In regression models, it is generally assumed that random errors are additive in the model equation
and have a normal distribution with zero mean and constant variance. The variance of the errors can be
estimated from the time series data. The estimated standard deviation (square root of the variance) is
calculated for the forecast period and is used to develop the desired prediction interval. Although 95%
prediction intervals are frequently used, the range of forecast values for volatile series may be so great that
it might also be useful to show the limits for a lower level of probability, say 80%. This would narrow the
interval. It is common to express prediction intervals about the forecast, but in the tracking process, it is
more useful to deal with prediction intervals for the forecast errors (Error = Actual – Forecast) on a periodby-period or cumulative basis.
A forecaster often deals with aggregated data and would like to know the prediction intervals about
an annual forecast based on a model for monthly or quarterly data. The annual forecast is created by
summing twelve (independent) monthly (or four quarterly) predictions. Developing the appropriate
probability limits requires that the variance for the sum of the prediction errors be calculated. This can be
determined from the variance formula
Var (∑ ei) = ∑ Var (ei) + 2 ∑ Cov (ei , ej )
If the forecast errors have zero covariance (Cov) – in particular, if they are independent of one another, - the
variance of the sum equals the sum of the prediction variances.

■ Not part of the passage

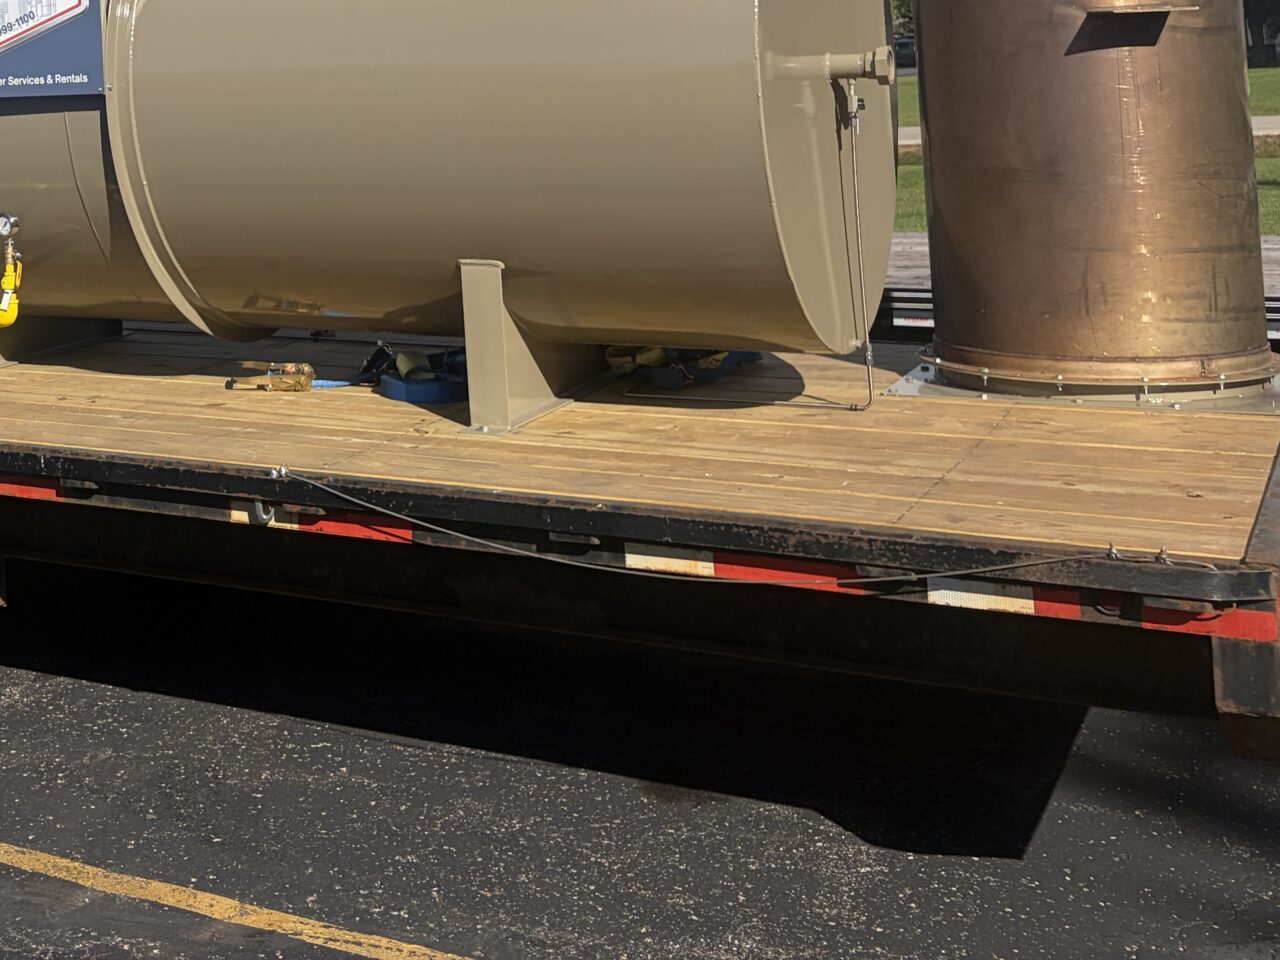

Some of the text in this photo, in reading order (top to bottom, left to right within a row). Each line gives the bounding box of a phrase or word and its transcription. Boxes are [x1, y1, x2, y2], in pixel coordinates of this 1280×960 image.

[7, 75, 45, 86] Services
[46, 73, 54, 84] &
[55, 73, 89, 84] Rentals

The most common form of correlation in the forecast errors for time series models is positive
autocorrelation. In this case, the covariance term is positive and the prediction intervals derived would be
too small. In the unusual case of negative covariances, the prediction intervals would be too wide. Rather
than deal with this complexity, most software programs assume the covariance is small and inconsequential.
In typical forecasting situations, prediction intervals are probably too conservative or narrow.
Prediction Interval as Percentages
Many users of forecasts find the need for prediction intervals obtuse. In such cases, the forecaster may find
more acceptance of this technique if the prediction intervals for forecasts are expressed in terms of percentages.
For example, a 95% probability interval for a forecast might be interpreted that we are 95% sure that the
forecast will be within ± 15% (say) of the actual numerical value. The percentage miss associated with any
prediction interval can be calculated from the formula:
Percent miss = [(Estimated standard error of the forecast) (t factor) x 100% ] / (Forecast)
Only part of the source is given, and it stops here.